Now if you’re not careful, you might miss Krauss’ subtle redefinition. In describing the sudden appearance of matter (“particles”), Krauss assumes the prior existence of space (“empty space”) and time (“if you wait long enough”). If you’ve got some empty space and wait long enough, matter appears. For Krauss, the “nothing” from which the universe comes includes two common features of “everything” (space and time), and something more (virtual particles). This leaves us with the real question: “Where did the space, time and virtual particles come from (given all our evidence points to their origination at the beginning of our universe)?” Krauss avoids this inquiry by moving space and time from the category of “something” to the category of “nothing”.

If you’ve got a teenager in your house, you might recognize Krauss’ approach to language. I bet you’ve seen your teenager open the refrigerator door, gaze at all the nutritious fruits and vegetables on the shelves, then lament that there is “nothing to eat.”

I used to say that when I was a teenager, but I grew out of it. I didn’t go on the Comedy Channel and try to convince everyone that what I was saying about the refrigerator was scientifically accurate.

Anyway, here is a debate between William Lane Craig and Lawrence Krauss, if you want to see how Krauss defends his “refrigerator has nothing to eat” view of cosmology. I know everybody and even many Christians all think that we have something to hide when it comes to science, but if you would just watch these debates, you would see that there is nothing to fear from science at all.

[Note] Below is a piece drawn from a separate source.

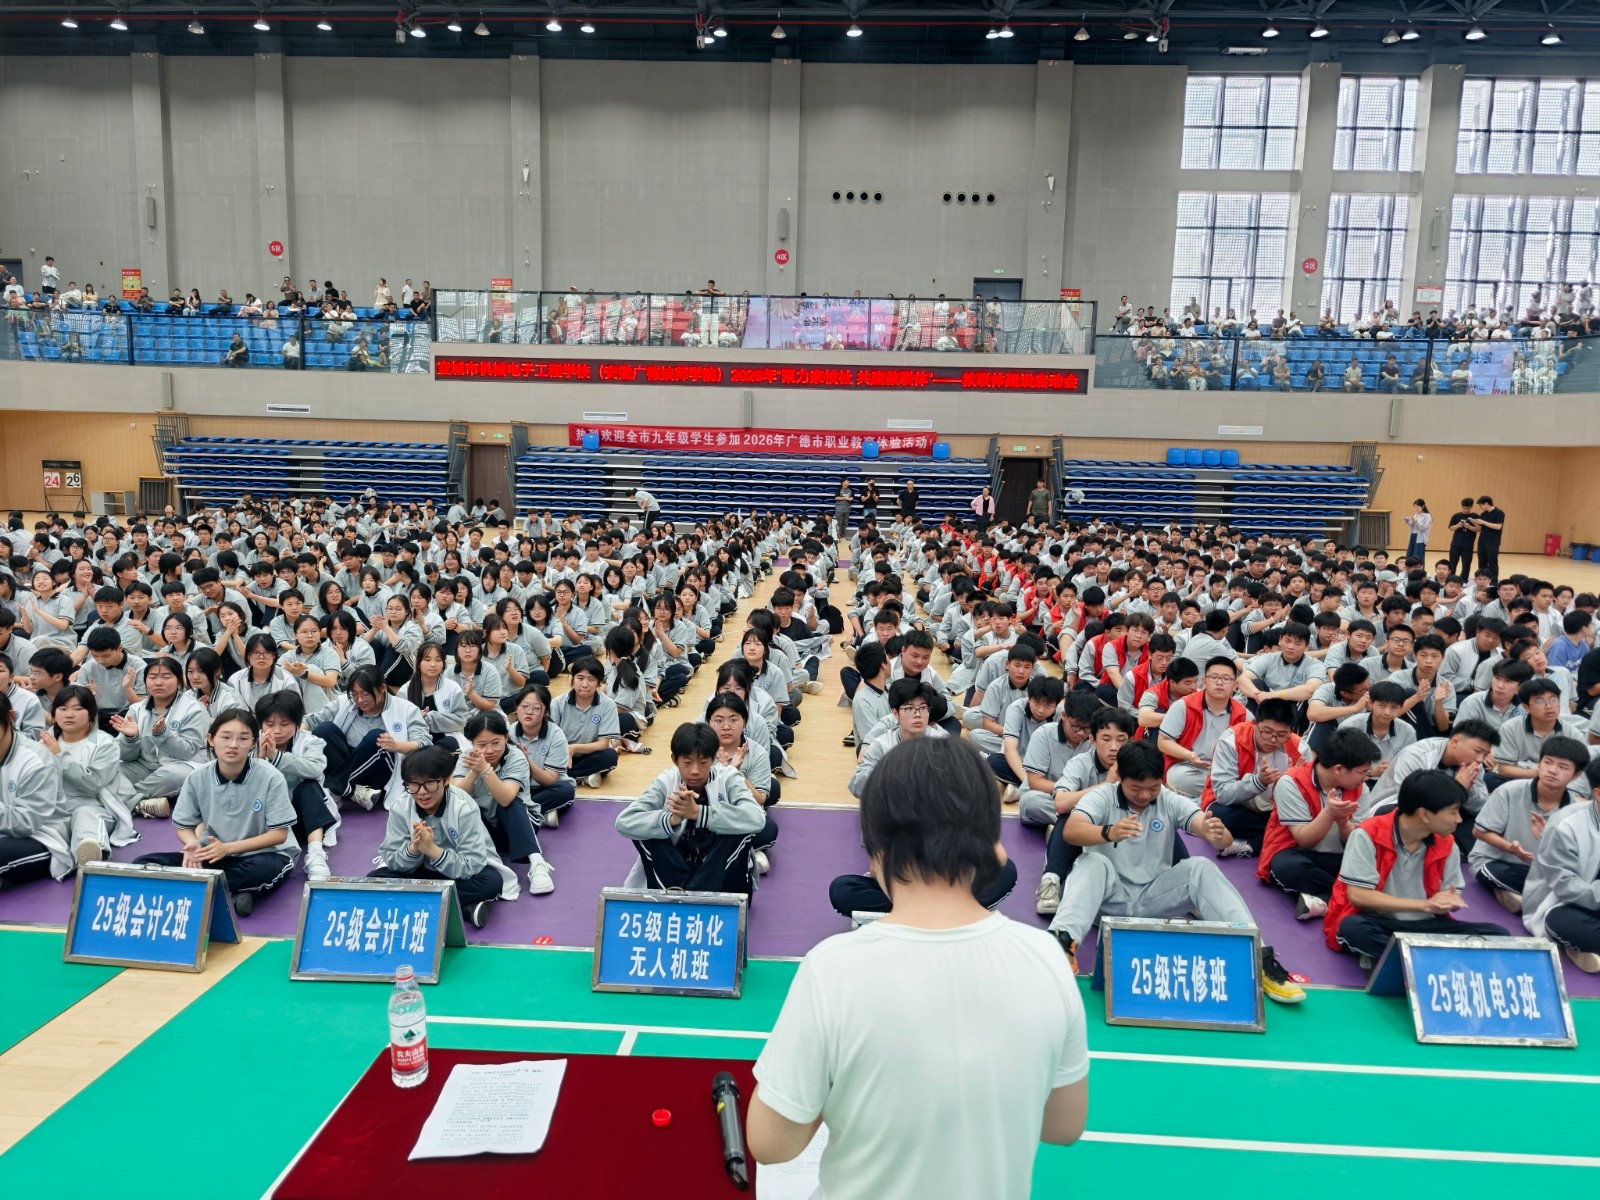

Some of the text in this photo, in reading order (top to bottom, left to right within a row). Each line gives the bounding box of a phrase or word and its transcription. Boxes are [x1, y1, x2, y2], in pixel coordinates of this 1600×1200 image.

We own it.

Meanwhile, I want to show you that this is not at all rare among atheists.

Look, here is Peter Atkins explaining how he makes the Big Bang reconcile with his atheism – and notice that it’s a completely different view than Krauss:

So, just who is this Peter Atkins, and why is he a good spokesman for atheism?

From his Wikipedia bio.

Peter William Atkins (born August 10, 1940) is an English chemist and a fellow and professor of chemistry at Lincoln College of the University of Oxford. He is a prolific writer of popular chemistry textbooks, including Physical Chemistry, 8th ed. (with Julio de Paula of Haverford College), Inorganic Chemistry, and Molecular Quantum Mechanics, 4th ed. Atkins is also the author of a number of science books for the general public, including Atkins’ Molecules and Galileo’s Finger: The Ten Great Ideas of Science.

[…]Atkins is a well-known atheist and supporter of many of Richard Dawkins’ ideas. He has written and spoken on issues of humanism, atheism, and what he sees as the incompatibility between science and religion. According to Atkins, whereas religion scorns the power of human comprehension, science respects it.

[…]He was the first Senior Member for the Oxford Secular Society and an Honorary Associate of the National Secular Society. He is also a member of the Advisory Board of The Reason Project, a US-based charitable foundation devoted to spreading scientific knowledge and secular values in society. The organisation is led by fellow atheist and author Sam Harris.

Now watch that 6-minute video above. Peter Atkins thinks that nothing exists. He thinks he doesn’t exist. He thinks that you don’t exist. This is how atheism adapts to a world where the Big Bang creation event is fact.

I think Peter Atkins should join Lawrence Krauss on the Comedy Channel and present that view. I would laugh. Wouldn’t you?